## Problem
Print the records below word for word, but leave out the pictures.

## Records from a dataset
-------------------------
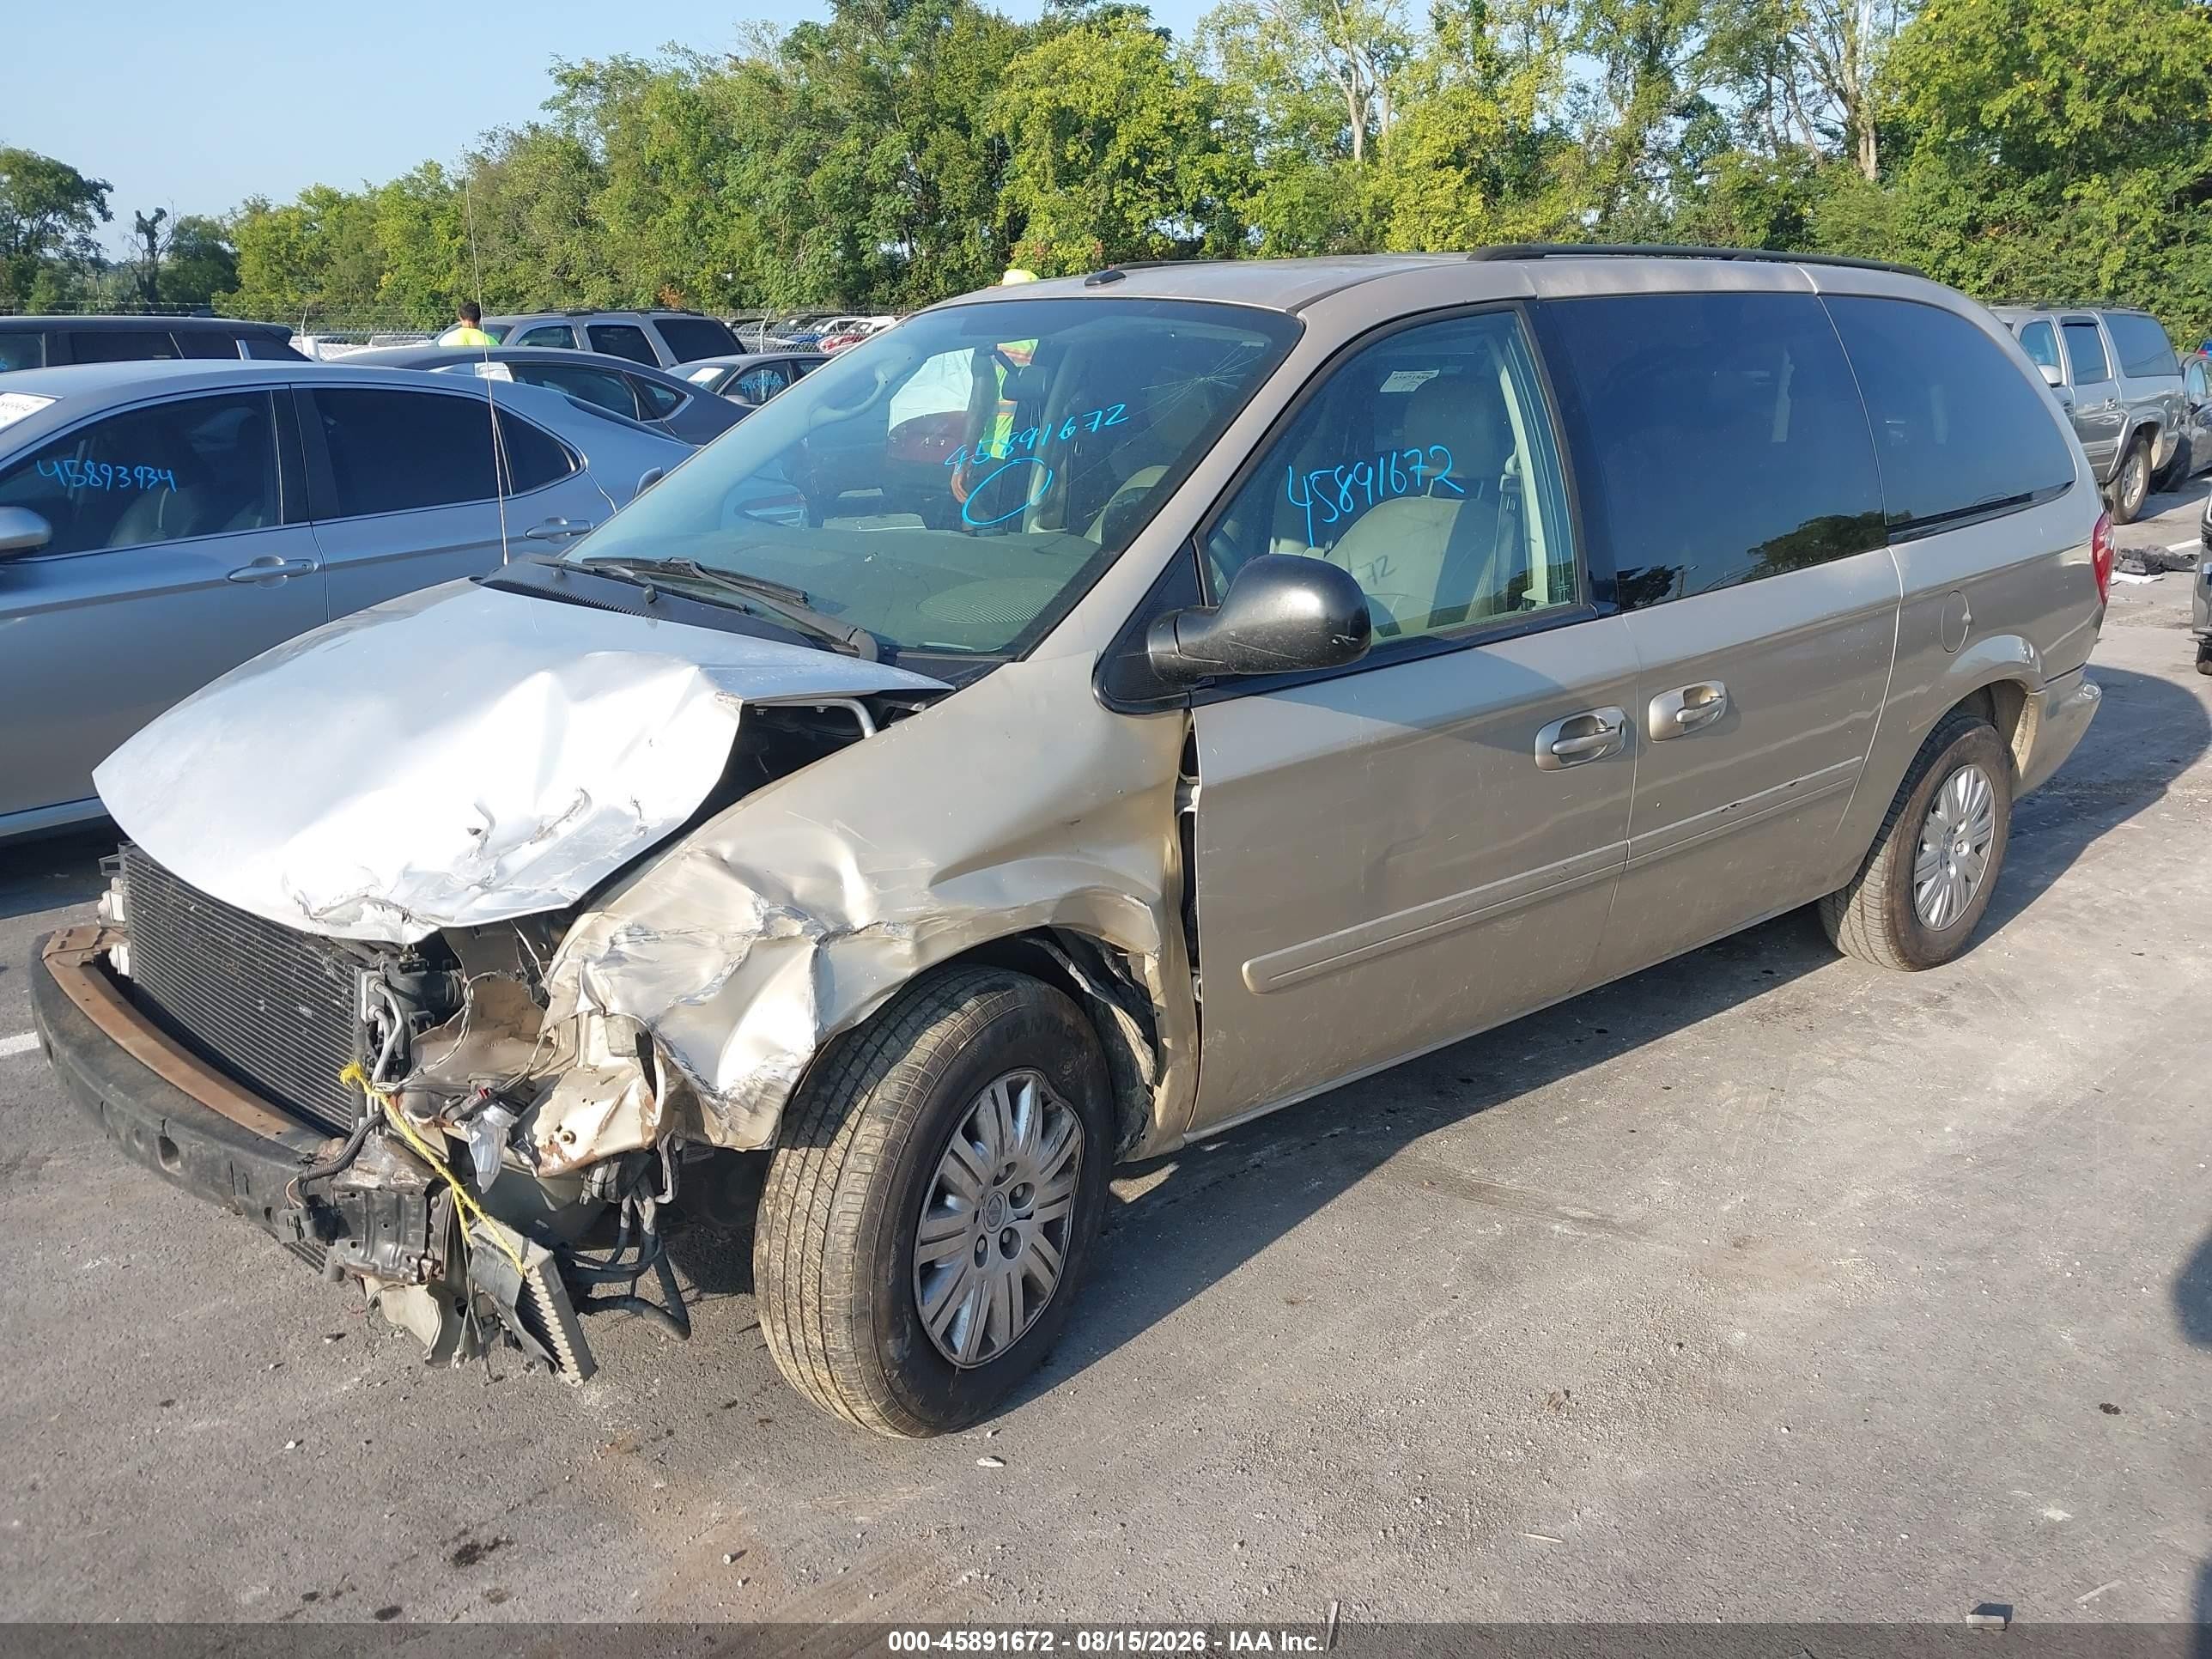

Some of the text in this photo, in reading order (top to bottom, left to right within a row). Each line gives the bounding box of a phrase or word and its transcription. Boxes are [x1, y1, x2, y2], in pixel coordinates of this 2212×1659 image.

[944, 403, 1129, 468] 45891672
[36, 459, 178, 493] 45893934
[1286, 443, 1465, 547] 45891672
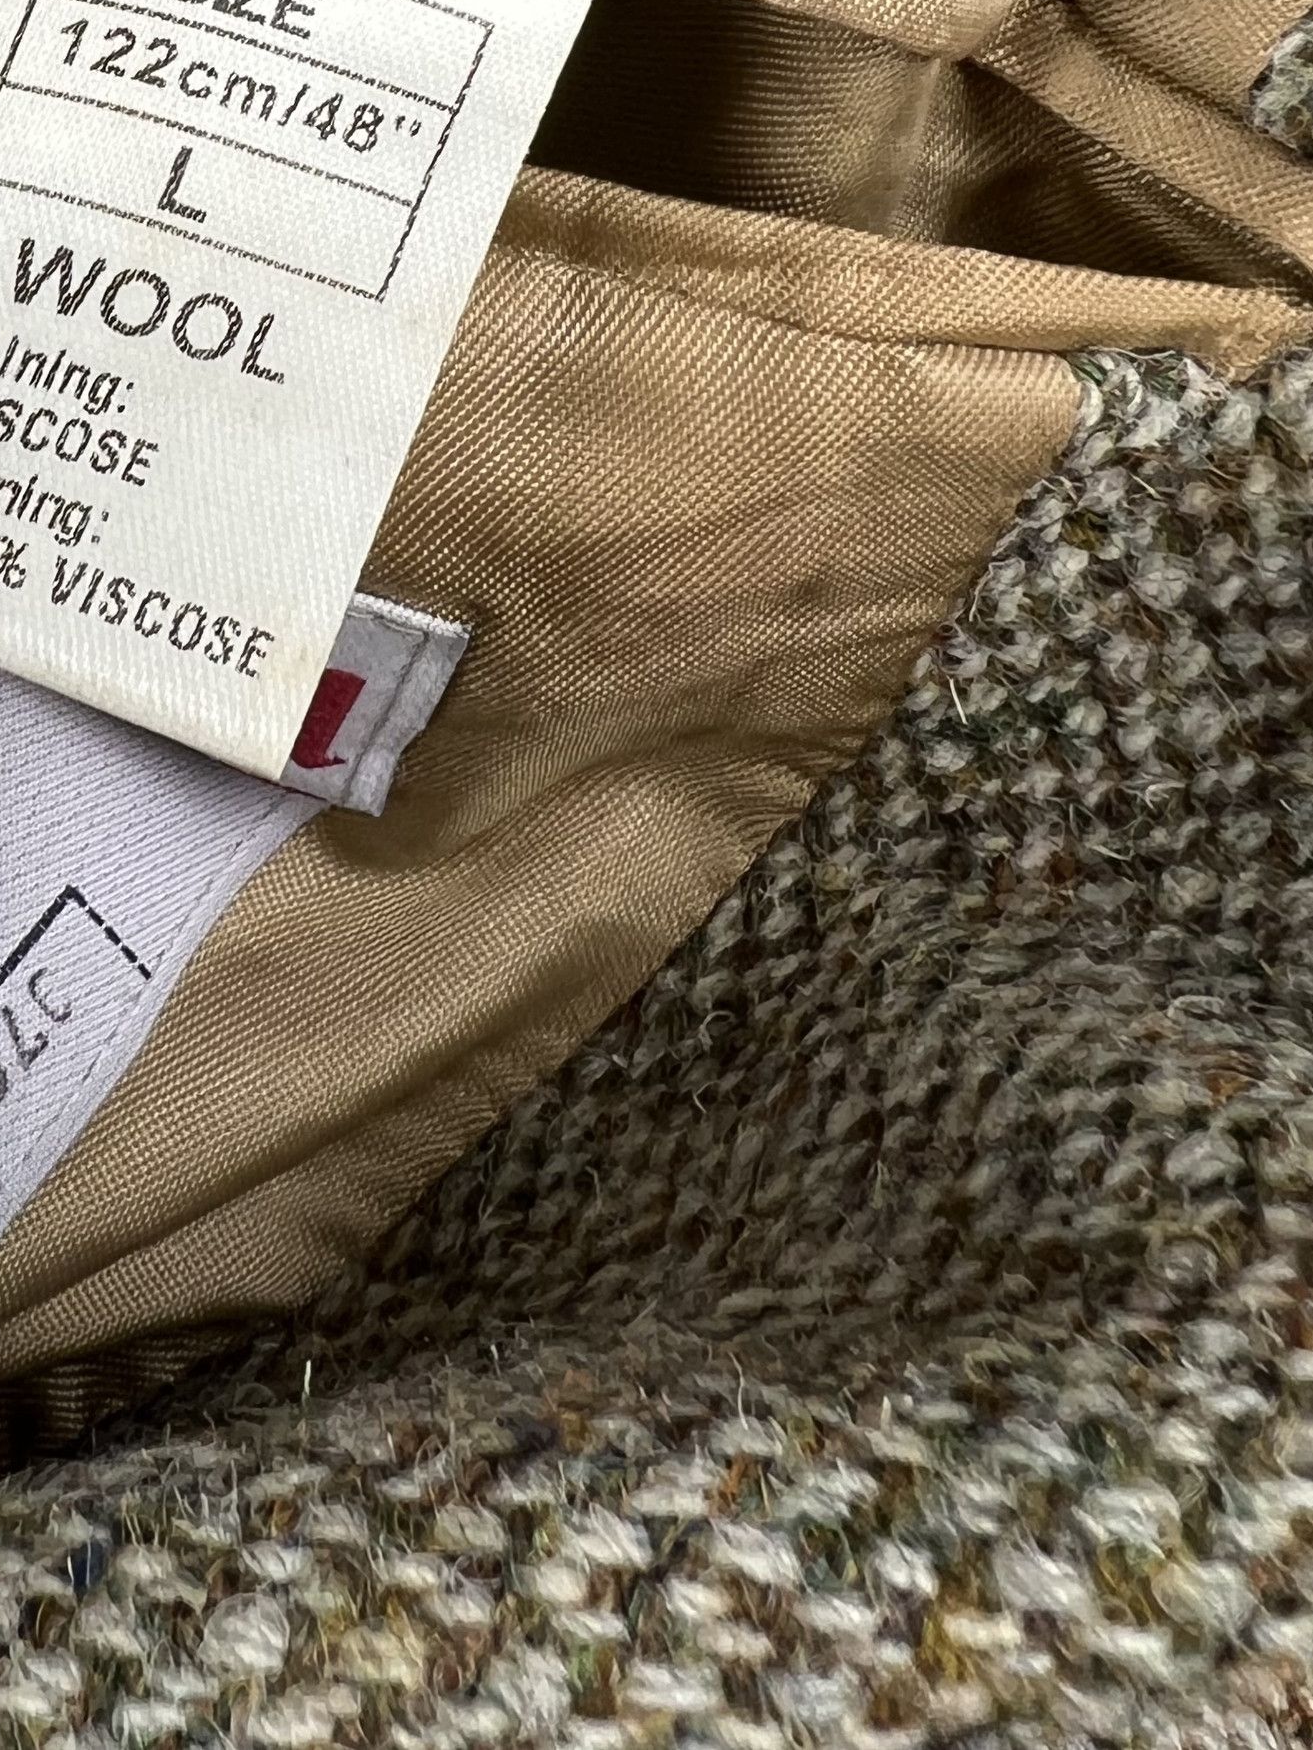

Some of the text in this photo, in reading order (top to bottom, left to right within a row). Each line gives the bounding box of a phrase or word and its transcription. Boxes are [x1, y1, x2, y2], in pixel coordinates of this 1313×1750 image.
-------------------------
## Solved exercise
Some of the text in this photo, in reading order (top to bottom, left to right within a row). Each line gives the bounding box of a phrase or word and its transcription. Boxes are [x1, y1, x2, y2], in pixel coordinates of this 2212×1659 image.

[944, 403, 1129, 468] 45891672
[36, 459, 178, 493] 45893934
[1286, 443, 1465, 547] 45891672

Some of the text in this photo, in reading order (top to bottom, left to right within a row). Each line gives the bounding box of a phrase or word and its transcription. Boxes are [x1, y1, x2, y2], in pixel coordinates of this 1313×1750 image.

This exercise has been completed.